* _EXERCISE BRIEF_: Reproduce the records below exactly as they appear, omitting any pictures they contain.

[Records from a data source]
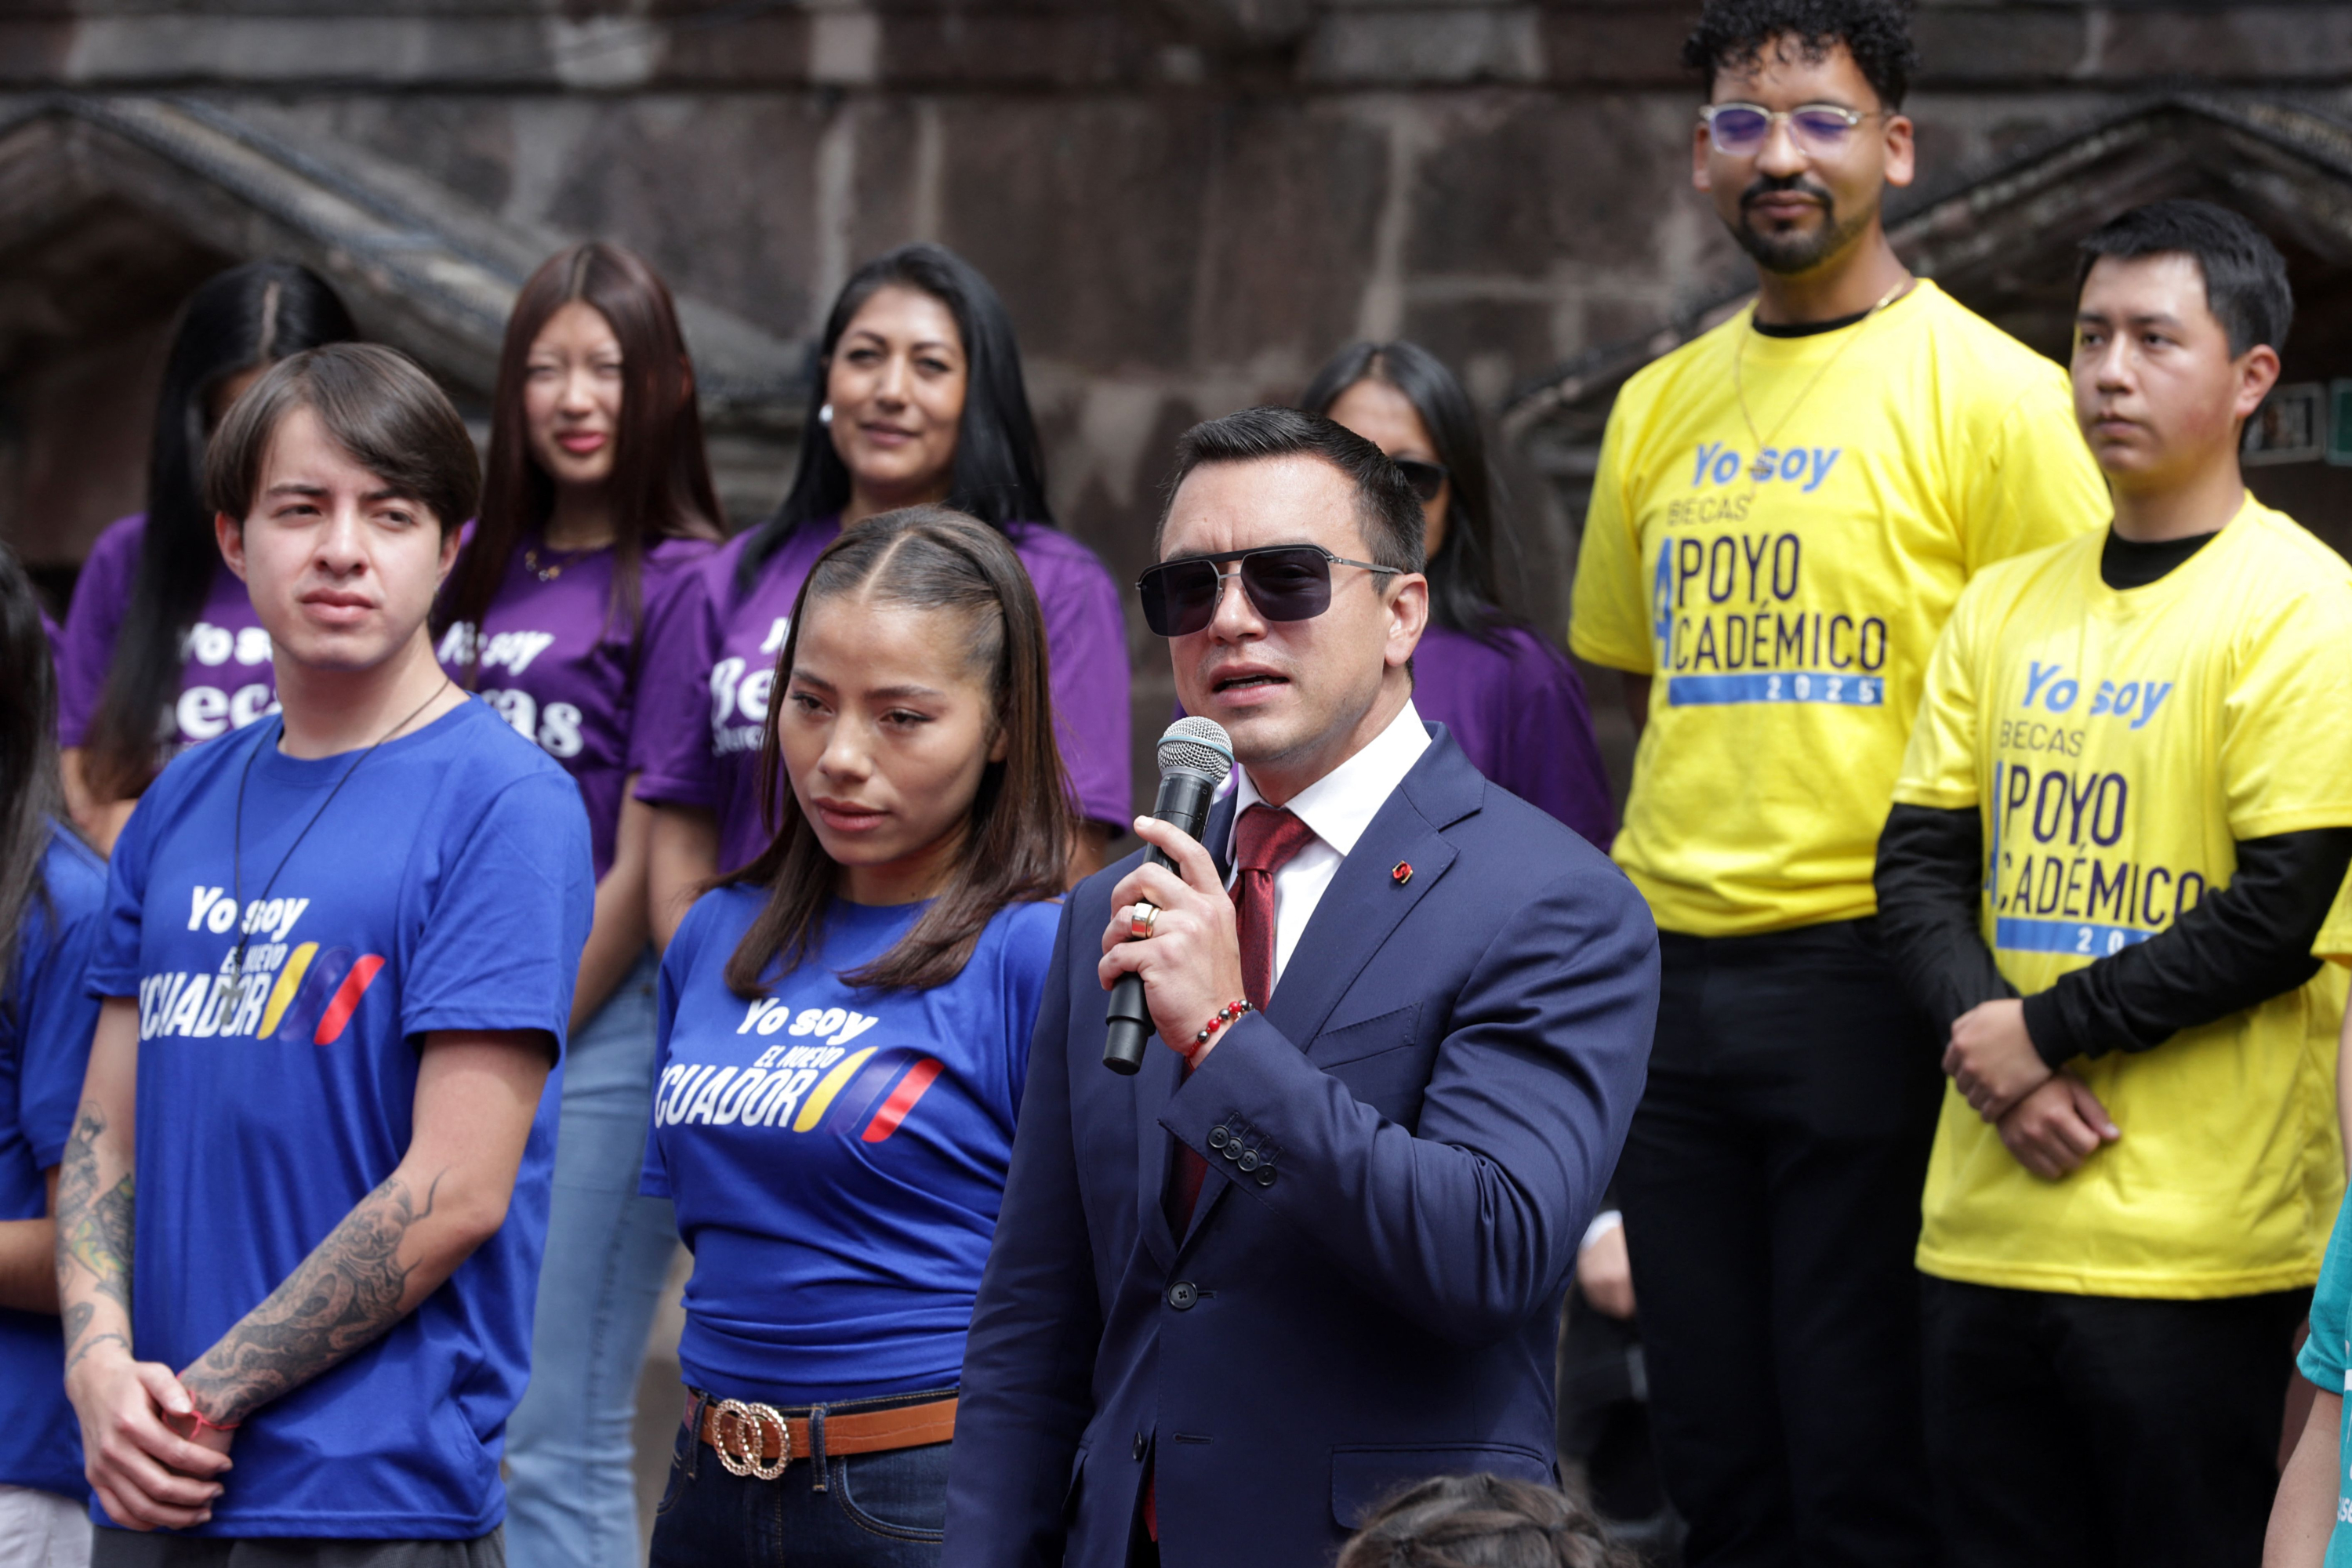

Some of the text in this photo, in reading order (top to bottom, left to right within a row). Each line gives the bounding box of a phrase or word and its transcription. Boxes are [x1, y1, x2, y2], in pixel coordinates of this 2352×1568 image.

[1690, 441, 1842, 493] Yo soy
[1667, 495, 1751, 527] BECAS
[1766, 673, 1876, 704] 2025
[2022, 661, 2174, 730] Yo soy
[2000, 720, 2085, 757] BECAS
[187, 885, 310, 943] Yo soy
[138, 971, 273, 1041] CUADOR
[736, 997, 880, 1046] Yo soy
[753, 1044, 846, 1069] EL NUEVO
[655, 1063, 819, 1129] CUADOR

* _COMPLETED EXERCISE_:
Some of the text in this photo, in reading order (top to bottom, left to right within a row). Each line gives the bounding box of a phrase or word and its transcription. Boxes are [x1, y1, x2, y2], in pixel coordinates of this 2352×1568 image.

[1690, 441, 1842, 493] Yo soy
[1667, 495, 1751, 527] BECAS
[1766, 673, 1876, 704] 2025
[2022, 661, 2174, 730] Yo soy
[2000, 720, 2085, 757] BECAS
[187, 885, 310, 943] Yo soy
[138, 971, 273, 1041] CUADOR
[736, 997, 880, 1046] Yo soy
[753, 1044, 846, 1069] EL NUEVO
[655, 1063, 819, 1129] CUADOR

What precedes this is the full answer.